Digging through the files, I sifted through a dizzying barrage of messages (“Thinner is better!” “Skin should have no wrinkles, blemishes or imperfections!” “Your looks define you!”). With all of the ads new to me, each flip of the page made me want to alert everyone in the office. “Hey! Look at this! Can you believe this?!”
I needed to be told several times that I had to be more cutthroat in tossing images into the trash. But they were all so shocking! They all seemed important to keep.
I kept expecting the images to become less objectifying, sexualizing, and degrading as the years went on. Progress has to have been made for women in the media, I kept telling myself… right?
The 2009-2011 binders lent no support to that notion. In fact, I found them the most shocking of all. While many positive ad campaigns have emerged over the years, most advertisements are still perpetuating the same ideas, often times more overtly than in the past. To me, today’s images are more appalling…because they are sending the same messages that were appalling twenty years ago, and often times they’re more blunt and obvious.
Take these two ads, for example:
They have a lot in common. They are both using women and sex to sell perfume. But the 2010 ad ups the ante, adding an element of infantilization with a young woman dressed in a decidedly little-girl dress, riding a pony. And while the ’97 ad is suggestive of sex with the faintly seductive pose of the model, the 2010 ad does away with all subtlety, sticking the perfume in the middle of her crotch.

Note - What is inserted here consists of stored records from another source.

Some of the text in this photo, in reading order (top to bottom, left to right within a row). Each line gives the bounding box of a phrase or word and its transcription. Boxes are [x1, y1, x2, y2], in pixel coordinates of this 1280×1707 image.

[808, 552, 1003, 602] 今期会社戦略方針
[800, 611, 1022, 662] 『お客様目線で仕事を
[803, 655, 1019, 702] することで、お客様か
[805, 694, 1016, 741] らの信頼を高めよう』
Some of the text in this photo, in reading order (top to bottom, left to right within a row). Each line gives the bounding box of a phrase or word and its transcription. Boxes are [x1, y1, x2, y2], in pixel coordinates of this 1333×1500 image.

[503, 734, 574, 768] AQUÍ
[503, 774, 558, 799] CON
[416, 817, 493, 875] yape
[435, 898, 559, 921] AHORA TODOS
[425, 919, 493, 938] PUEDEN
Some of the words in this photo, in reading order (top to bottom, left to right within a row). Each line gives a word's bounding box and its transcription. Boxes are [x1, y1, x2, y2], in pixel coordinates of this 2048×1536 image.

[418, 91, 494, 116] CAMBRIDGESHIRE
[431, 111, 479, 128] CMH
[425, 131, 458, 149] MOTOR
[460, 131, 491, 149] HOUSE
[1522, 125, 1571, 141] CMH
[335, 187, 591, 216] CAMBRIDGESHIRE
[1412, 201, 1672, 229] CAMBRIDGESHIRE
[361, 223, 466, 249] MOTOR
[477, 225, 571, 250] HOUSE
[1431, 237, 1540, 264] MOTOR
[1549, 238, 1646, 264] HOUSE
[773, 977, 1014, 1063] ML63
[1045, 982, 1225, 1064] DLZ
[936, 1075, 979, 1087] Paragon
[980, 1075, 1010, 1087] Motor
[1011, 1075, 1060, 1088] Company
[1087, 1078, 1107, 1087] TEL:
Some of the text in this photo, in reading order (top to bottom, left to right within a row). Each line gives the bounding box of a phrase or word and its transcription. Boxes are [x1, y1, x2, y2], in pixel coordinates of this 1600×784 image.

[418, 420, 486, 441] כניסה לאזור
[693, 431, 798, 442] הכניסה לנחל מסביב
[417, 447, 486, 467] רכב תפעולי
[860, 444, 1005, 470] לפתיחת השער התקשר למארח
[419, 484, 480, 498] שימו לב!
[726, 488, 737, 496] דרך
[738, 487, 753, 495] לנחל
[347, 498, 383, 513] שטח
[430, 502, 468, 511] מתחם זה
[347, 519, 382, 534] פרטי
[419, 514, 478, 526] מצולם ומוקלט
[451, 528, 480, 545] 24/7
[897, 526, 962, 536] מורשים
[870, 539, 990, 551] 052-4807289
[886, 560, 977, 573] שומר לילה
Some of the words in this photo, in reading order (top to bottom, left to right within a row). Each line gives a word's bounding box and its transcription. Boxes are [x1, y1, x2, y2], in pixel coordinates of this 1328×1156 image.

Clearly, the content hasn’t changed much, and if anything has worsened, but the main offenders today are different. In the late 90s these were mainly high fashion ads and models. But now celebrities are playing a growing role in media and are often blatantly using sex or violence to sell their products (and/or themselves). Images like these became incredibly common in the last few years:
So I guess this is where we are, in the year 2011. The evolution of media over the course of two decades provides an unsettling perspective. It leaves me feeling a tad indignant and quite a bit disappointed, but all the more motivated to work for positive change.
Aubrey Toole is a senior at UC Berkeley majoring in psychology.